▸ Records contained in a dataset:
━━━━━━━━

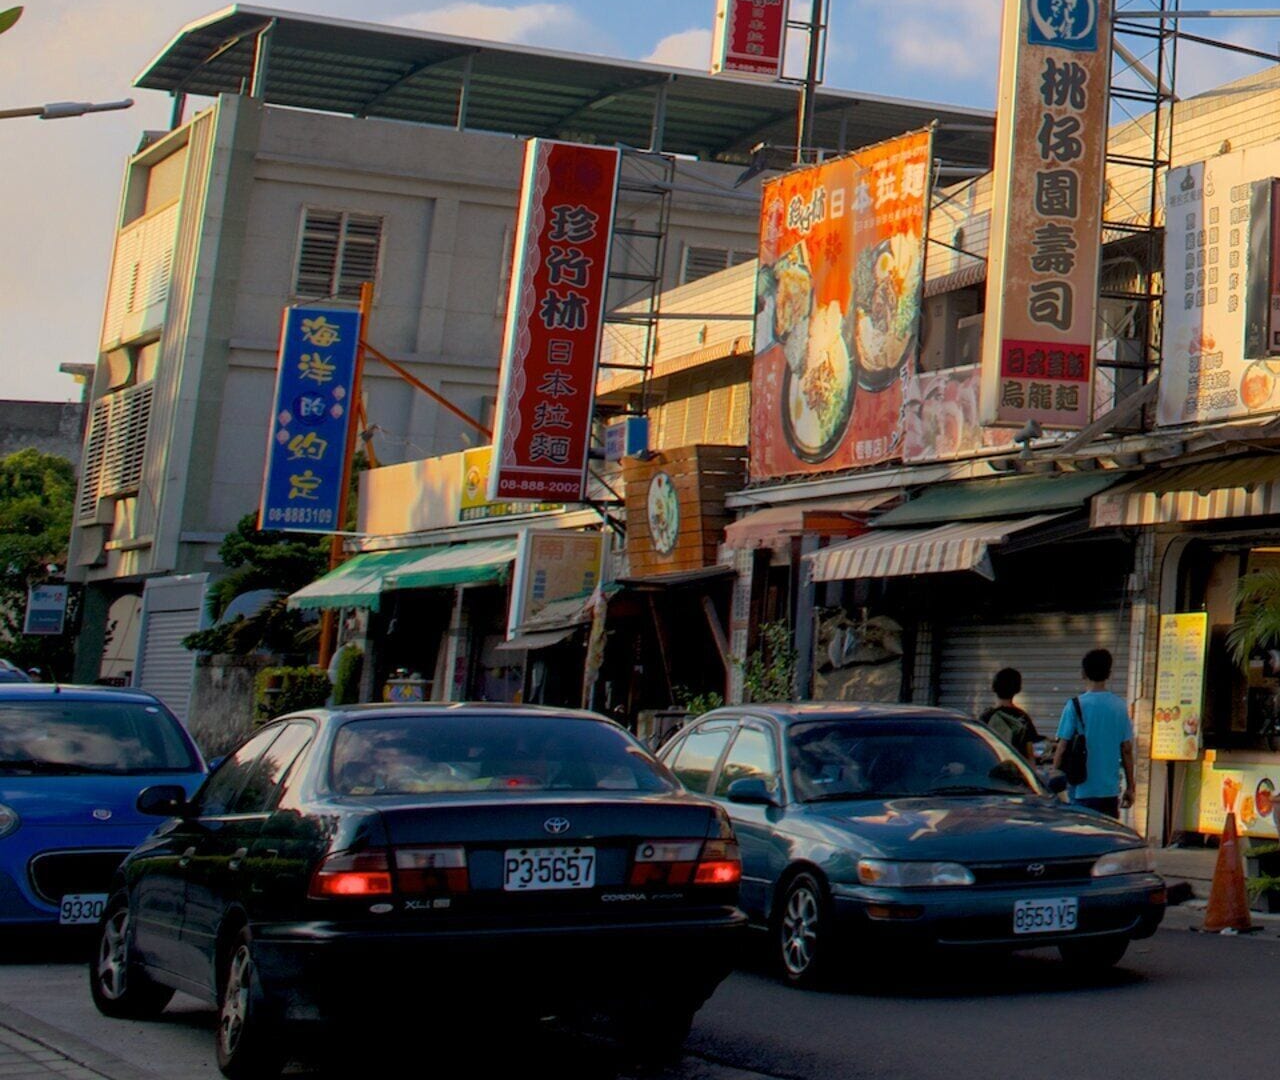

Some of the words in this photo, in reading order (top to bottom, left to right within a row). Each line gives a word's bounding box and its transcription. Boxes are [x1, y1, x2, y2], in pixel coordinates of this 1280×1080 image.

[1028, 56, 1089, 332] 桃仔園壽司
[540, 204, 599, 331] 珍竹林
[287, 315, 341, 500] 海洋的約定
[529, 339, 576, 465] 日本拉麵
[1001, 380, 1080, 411] 烏龍麵
[499, 478, 580, 495] 08-888-2002
[600, 893, 648, 903] CORONA
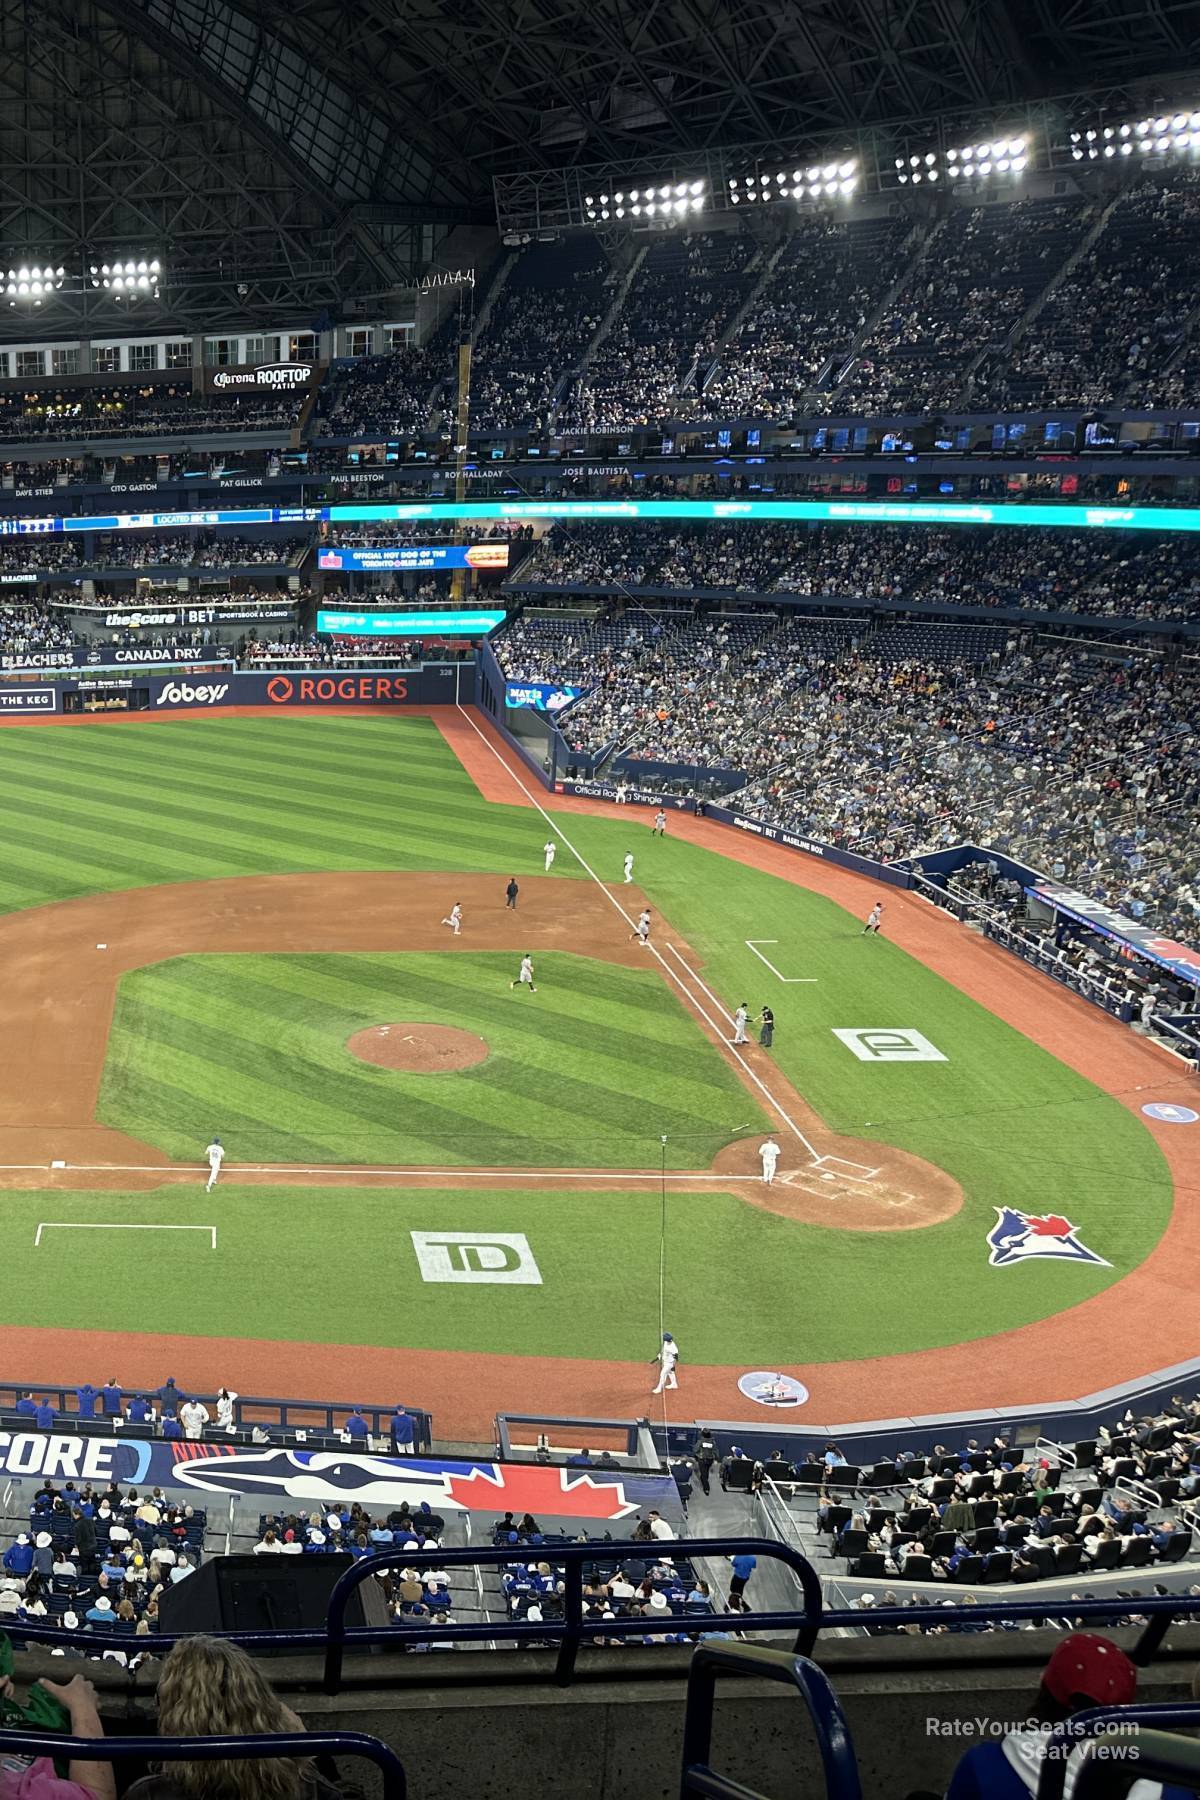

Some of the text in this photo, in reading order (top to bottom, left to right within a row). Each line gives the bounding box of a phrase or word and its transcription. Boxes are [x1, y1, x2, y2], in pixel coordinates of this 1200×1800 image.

[214, 369, 310, 388] Corona ROOFTOP
[272, 382, 295, 390] PATIO
[560, 426, 633, 435] JACKIE ROBINSON
[463, 470, 504, 478] HALLADAY
[563, 466, 629, 476] JOSÉ BAUTISTA
[331, 474, 384, 483] PAUL BEESTON
[157, 515, 190, 524] LOCATED
[1, 574, 37, 582] BLEACHERS
[106, 613, 176, 626] theScore
[189, 610, 215, 623] BET
[2, 653, 73, 668] BLEACHERS
[115, 650, 171, 661] CANADA
[157, 682, 228, 705] Sobeys
[300, 678, 407, 699] ROGERS
[510, 689, 530, 697] MAY
[1, 696, 48, 704] THE KEG
[575, 786, 601, 795] Official
[634, 793, 662, 804] Shingle
[734, 817, 823, 855] theScore BET BASELINE BOX
[425, 1242, 521, 1272] TD

━━━━━━━━

▸ PROBLEM: What you return should be the entries from above, unchanged and without their images.

▸ SOLUTION FOR THIS PROBLEM:
Some of the words in this photo, in reading order (top to bottom, left to right within a row). Each line gives a word's bounding box and its transcription. Boxes are [x1, y1, x2, y2], in pixel coordinates of this 1280×1080 image.

[1028, 56, 1089, 332] 桃仔園壽司
[540, 204, 599, 331] 珍竹林
[287, 315, 341, 500] 海洋的約定
[529, 339, 576, 465] 日本拉麵
[1001, 380, 1080, 411] 烏龍麵
[499, 478, 580, 495] 08-888-2002
[600, 893, 648, 903] CORONA

Some of the text in this photo, in reading order (top to bottom, left to right within a row). Each line gives the bounding box of a phrase or word and its transcription. Boxes are [x1, y1, x2, y2], in pixel coordinates of this 1200×1800 image.

[214, 369, 310, 388] Corona ROOFTOP
[272, 382, 295, 390] PATIO
[560, 426, 633, 435] JACKIE ROBINSON
[463, 470, 504, 478] HALLADAY
[563, 466, 629, 476] JOSÉ BAUTISTA
[331, 474, 384, 483] PAUL BEESTON
[157, 515, 190, 524] LOCATED
[1, 574, 37, 582] BLEACHERS
[106, 613, 176, 626] theScore
[189, 610, 215, 623] BET
[2, 653, 73, 668] BLEACHERS
[115, 650, 171, 661] CANADA
[157, 682, 228, 705] Sobeys
[300, 678, 407, 699] ROGERS
[510, 689, 530, 697] MAY
[1, 696, 48, 704] THE KEG
[575, 786, 601, 795] Official
[634, 793, 662, 804] Shingle
[734, 817, 823, 855] theScore BET BASELINE BOX
[425, 1242, 521, 1272] TD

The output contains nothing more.